━━━━━ Input material
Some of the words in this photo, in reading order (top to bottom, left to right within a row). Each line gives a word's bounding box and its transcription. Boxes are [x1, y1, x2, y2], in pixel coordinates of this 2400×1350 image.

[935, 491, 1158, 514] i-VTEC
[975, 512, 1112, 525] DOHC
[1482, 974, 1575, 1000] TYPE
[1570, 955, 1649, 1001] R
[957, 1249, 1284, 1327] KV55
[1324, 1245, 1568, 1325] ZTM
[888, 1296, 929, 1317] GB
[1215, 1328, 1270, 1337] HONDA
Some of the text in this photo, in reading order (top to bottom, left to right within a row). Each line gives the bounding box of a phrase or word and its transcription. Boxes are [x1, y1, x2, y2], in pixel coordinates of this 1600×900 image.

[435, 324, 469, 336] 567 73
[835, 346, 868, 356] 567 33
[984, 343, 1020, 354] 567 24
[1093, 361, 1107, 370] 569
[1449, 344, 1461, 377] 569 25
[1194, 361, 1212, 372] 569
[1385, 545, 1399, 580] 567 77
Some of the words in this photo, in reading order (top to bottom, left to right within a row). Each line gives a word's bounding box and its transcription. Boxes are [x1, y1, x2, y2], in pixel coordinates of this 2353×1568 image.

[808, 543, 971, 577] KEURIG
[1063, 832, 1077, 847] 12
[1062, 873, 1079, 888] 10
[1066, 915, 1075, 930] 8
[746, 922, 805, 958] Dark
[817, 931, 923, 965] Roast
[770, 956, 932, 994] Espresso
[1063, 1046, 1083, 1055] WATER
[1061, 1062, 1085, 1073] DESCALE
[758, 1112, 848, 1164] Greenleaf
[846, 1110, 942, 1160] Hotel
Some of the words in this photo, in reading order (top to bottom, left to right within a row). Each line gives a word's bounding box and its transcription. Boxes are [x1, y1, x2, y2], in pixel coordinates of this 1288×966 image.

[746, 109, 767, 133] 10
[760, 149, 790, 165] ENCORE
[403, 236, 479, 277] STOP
━━━━━━━━━━
### Task description
Without altering anything, print all of the data again.

### Written response
Some of the words in this photo, in reading order (top to bottom, left to right within a row). Each line gives a word's bounding box and its transcription. Boxes are [x1, y1, x2, y2], in pixel coordinates of this 2400×1350 image.

[935, 491, 1158, 514] i-VTEC
[975, 512, 1112, 525] DOHC
[1482, 974, 1575, 1000] TYPE
[1570, 955, 1649, 1001] R
[957, 1249, 1284, 1327] KV55
[1324, 1245, 1568, 1325] ZTM
[888, 1296, 929, 1317] GB
[1215, 1328, 1270, 1337] HONDA
Some of the text in this photo, in reading order (top to bottom, left to right within a row). Each line gives the bounding box of a phrase or word and its transcription. Boxes are [x1, y1, x2, y2], in pixel coordinates of this 1600×900 image.

[435, 324, 469, 336] 567 73
[835, 346, 868, 356] 567 33
[984, 343, 1020, 354] 567 24
[1093, 361, 1107, 370] 569
[1449, 344, 1461, 377] 569 25
[1194, 361, 1212, 372] 569
[1385, 545, 1399, 580] 567 77
Some of the words in this photo, in reading order (top to bottom, left to right within a row). Each line gives a word's bounding box and its transcription. Boxes are [x1, y1, x2, y2], in pixel coordinates of this 2353×1568 image.

[808, 543, 971, 577] KEURIG
[1063, 832, 1077, 847] 12
[1062, 873, 1079, 888] 10
[1066, 915, 1075, 930] 8
[746, 922, 805, 958] Dark
[817, 931, 923, 965] Roast
[770, 956, 932, 994] Espresso
[1063, 1046, 1083, 1055] WATER
[1061, 1062, 1085, 1073] DESCALE
[758, 1112, 848, 1164] Greenleaf
[846, 1110, 942, 1160] Hotel
Some of the words in this photo, in reading order (top to bottom, left to right within a row). Each line gives a word's bounding box and its transcription. Boxes are [x1, y1, x2, y2], in pixel coordinates of this 1288×966 image.

[746, 109, 767, 133] 10
[760, 149, 790, 165] ENCORE
[403, 236, 479, 277] STOP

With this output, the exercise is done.